## PROBLEM TO WORK ON
Keep the pictures out. Restate the entries below word for word.

_____

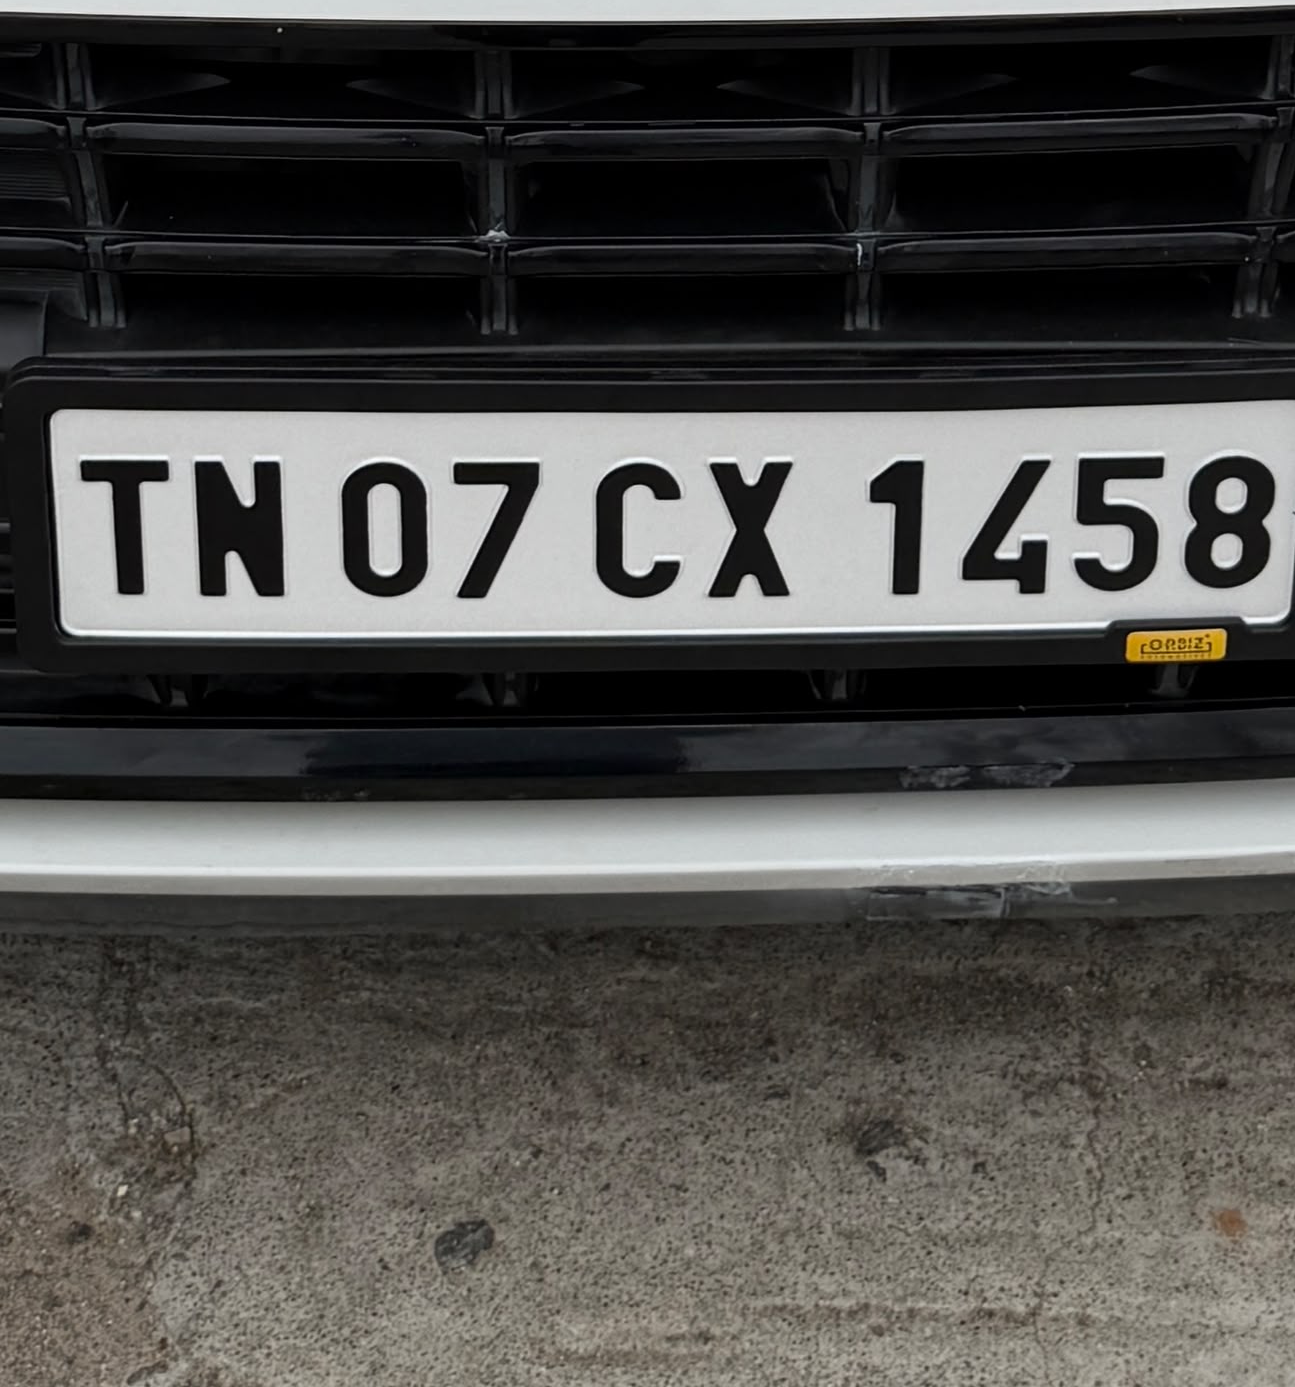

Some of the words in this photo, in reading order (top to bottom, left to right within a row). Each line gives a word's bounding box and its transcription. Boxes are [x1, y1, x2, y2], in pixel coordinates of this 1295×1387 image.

[78, 458, 286, 598] TN
[340, 461, 541, 599] 07
[594, 460, 794, 599] CX
[868, 455, 1277, 596] 1458

_____

## RESULT
Some of the words in this photo, in reading order (top to bottom, left to right within a row). Each line gives a word's bounding box and its transcription. Boxes are [x1, y1, x2, y2], in pixel coordinates of this 1295×1387 image.

[78, 458, 286, 598] TN
[340, 461, 541, 599] 07
[594, 460, 794, 599] CX
[868, 455, 1277, 596] 1458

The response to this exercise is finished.